Keesokan harinya, Lintang memutuskan untuk melakukan sesuatu yang berbeda. Ia bangun lebih awal, merapikan diri tanpa menggunakan filter atau makeup berlebihan, dan berjalan-jalan di taman dekat rumahnya. Ia menikmati sinar matahari pagi, menghirup udara segar, dan mendengarkan suara burung berkicau.
Di bangku taman, ia melihat seorang pria tua sedang memberi makan burung merpati. Pria itu tersenyum padanya. Lintang membalas senyumnya. Mereka tidak saling mengenal, tapi senyuman itu terasa hangat dan nyata.
Tiba-tiba, seorang anak kecil berlari ke arahnya, menjatuhkan es krimnya di bajunya.
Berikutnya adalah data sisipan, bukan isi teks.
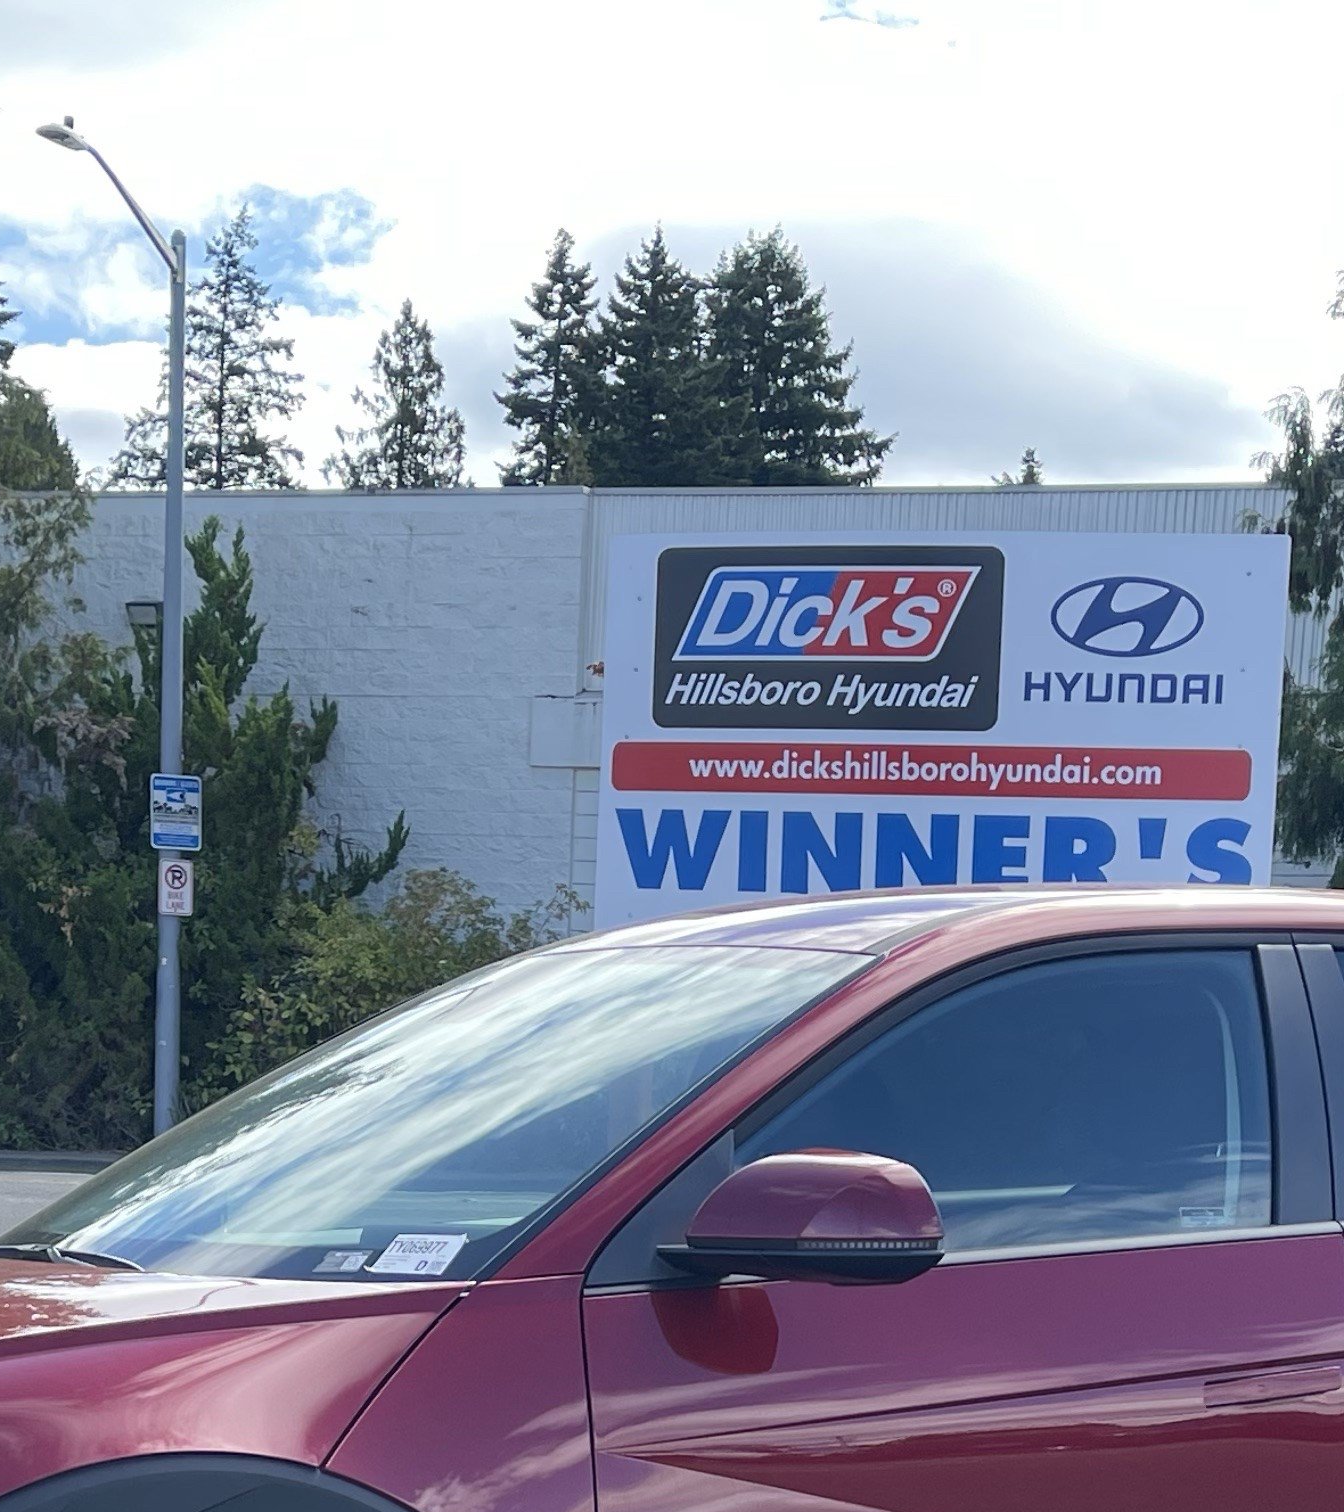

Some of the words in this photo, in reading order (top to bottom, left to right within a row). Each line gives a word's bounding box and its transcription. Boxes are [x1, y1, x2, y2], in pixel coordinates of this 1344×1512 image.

[665, 673, 821, 706] Hillsboro
[826, 674, 979, 715] Hyundai
[1024, 672, 1223, 704] HYUNDAI
[688, 751, 1162, 790] www.dickshillsborohyundai.com
[615, 808, 1253, 893] WINNER'S
Lintang terkejut, tapi kemudian tertawa. Anak itu menangis, merasa bersalah. Lintang membersihkan bajunya dan menghibur anak itu. Ibunya datang menghampiri, meminta maaf. Lintang hanya tersenyum dan berkata, "Tidak apa-apa. Kejadian kecil."
Saat ia membersihkan es krim yang meleleh di bajunya, ia menyadari sesuatu. Sentuhan es krim yang dingin, tawa anak kecil, permintaan maaf ibunya, semua itu terasa nyata. Semua itu terasa manusiawi.
Lintang masih sendirian, tapi ia tidak lagi merasa kesepian. Ia memutuskan untuk membuka diri terhadap dunia nyata, dengan segala ketidaksempurnaan dan keanehannya. Ia ingin merasakan cinta yang sesungguhnya, cinta yang tidak diatur oleh algoritma, cinta yang lahir dari hati ke hati. Mungkin, di luar sana, ada seseorang yang mencintainya apa adanya, dengan lingkaran hitam di bawah mata dan semua kekurangan yang dimilikinya. Dan mungkin, ia juga akan belajar untuk mencintai dirinya sendiri, tanpa filter dan tanpa pretensi. Karena cinta yang sesungguhnya, seperti halnya manusia, tidak sempurna, tapi itulah yang membuatnya indah.